ORCA.nrw: Auch das Projekt Digifit, welches bereits abgeschlossen ist und zu dem es einen öffentlichen Kurs gibt, ist involviert. Können Sie dazu auch etwas sagen?

Das Projekt Digifit wurde vor DRAGON Ruhr.nrw innerhalb unserer Arbeitsgruppe Ingenieurgeologie und Felsmechanik an der Ruhr-Universität umgesetzt und durch das Digi-Fellowship gefördert. Hierbei ging es inhaltlich um die Digitalisierung einer geologischen Kartierung in Süddeutschland im Rahmen des Bachelorstudiums Geowissenschaften. Das war uns in einem ersten Schritt besonders wichtig, da diese Geländeveranstaltung verpflichtend ist und wir hier durch Digifit digitale Alternativen anbieten können. Das Ergebnis hat meine persönlichen Erwartungen deutlich übertroffen, was besonders meinen Kolleg*innen Julia Godlewska und Marc Ogan zu verdanken ist, die nicht nur ihr Fachwissen eingebracht haben, sondern sich auch hinsichtlich der technischen und didaktischen Umsetzung beeindruckendes Wissen angeeignet haben. Von diesen Erfahrungen profitieren wir jetzt enorm in DRAGON Ruhr.nrw, besonders, weil wir sie auch für dieses Projekt gewinnen und im Konsortium gleich in die inhaltliche Arbeit einsteigen konnten.

ORCA.nrw: Auf welche Herausforderungen sind Sie im Rahmen der Projekte gestoßen? Z.B. mit Blick auf das Urheberrecht, die konkrete Umsetzung der Projekte, Personal,…

Im Zentrum unseres Interesses steht der Baugrund. Auf der Skala der Herausforderungen, die mit Urheberrechten und Datenschutz einhergehen können, bewegen wir uns deshalb eher am unkomplizierten Ende. Dennoch müssen wir sicherstellen, dass wir das Material nutzen dürfen, das im Rahmen der Geländearbeit entsteht und Audio- sowie Videomaterial enthält, auf dem Studierende und Lehrende zu hören oder zu sehen sind. Da es für unsere Lehrinhalte bisher kein entsprechendes Material gibt, erstellen wir alle Lehrmaterialien selbst. Das ist urheberrechtlich, wie wir gelernt haben, vergleichsweise einfach zu regeln.
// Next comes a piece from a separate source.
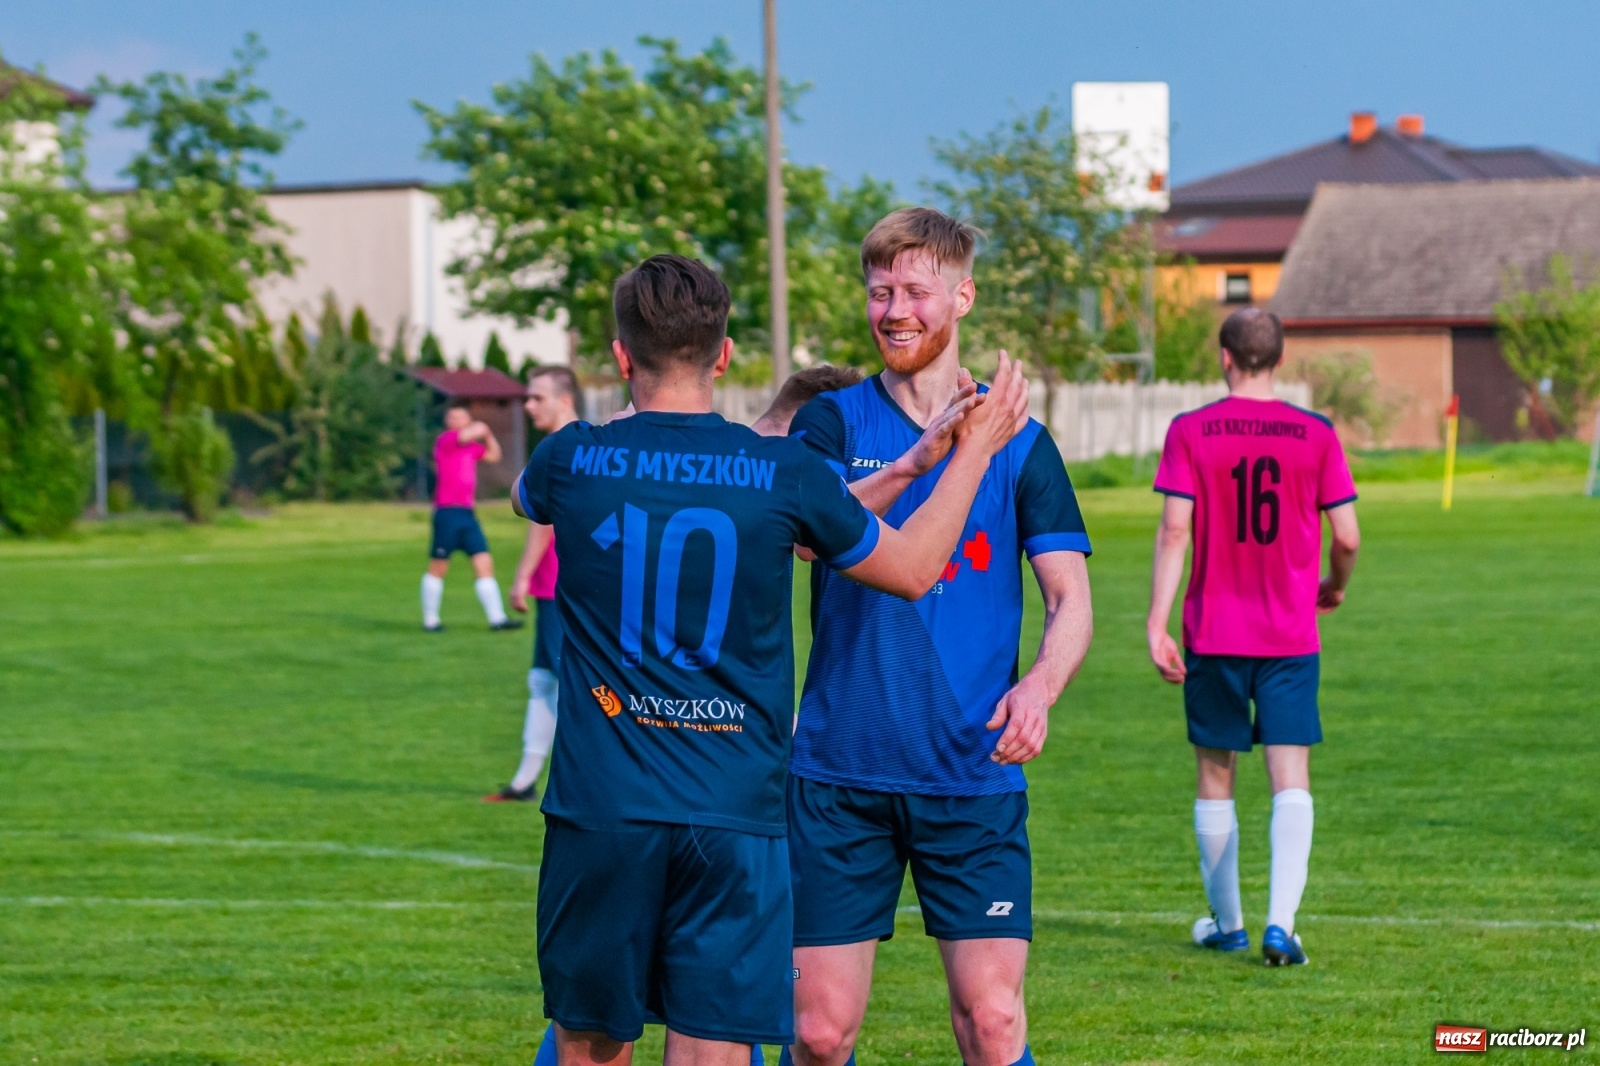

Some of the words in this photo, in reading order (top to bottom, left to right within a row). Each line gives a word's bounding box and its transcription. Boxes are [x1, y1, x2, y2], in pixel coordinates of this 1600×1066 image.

Wir wurden dazu von den Netzwerkstellen von ORCA.nrw und im Rahmen von Informationsveranstaltungen umfassend beraten. Eine weitere Herausforderung besteht in der barrierearmen Gestaltung der Lehrmaterialien. Hier haben wir Unterstützung durch das Beratungszentrum zur Inklusion Behinderter (BZI) der RUB erhalten. Außerdem nehme ich am Fortbildungsprogramm des Zentrums für Wissenschaftsdidaktik (ZfW) teil, um die digitalen Lehrinhalte für Studierende möglichst ansprechend und didaktisch sinnvoll umzusetzen. Darüber hinaus gibt es fachliche Herausforderungen. Die digitalen Lehrinhalte haben Grenzen, zum Beispiel hinsichtlich des Erfahrens von Haptik und Härte der Gesteinsproben, dem Kornverband oder der großräumlichen Orientierung im Gelände. Wir stellen dazu genau die Gesteinsproben, die in den digitalen Lehrmaterialien explizit angesprochen werden, zur eigenständigen und barrierearmen Begutachtung an der RUB zur Verfügung. Die vermutlich größte Herausforderung besteht im personellen Aufwand, den eine Erstellung dieser digitalen Lehrinhalte mit sich bringt. Dabei geht es weniger um die Aufnahmen im Gelände, sondern mehr um die Nachbearbeitung von Video- und Audiomaterial, die Modellerstellung und die Aufwertung zu sinnvollen Lehrinhalten. Weil Absolvent*innen der Geowissenschaften und des Bau- und Umweltingenieurwesens momentan sehr gefragt sind, sind wir besonders froh, ein so hochqualifiziertes Team zu haben und für die Förderung ausgesprochen dankbar.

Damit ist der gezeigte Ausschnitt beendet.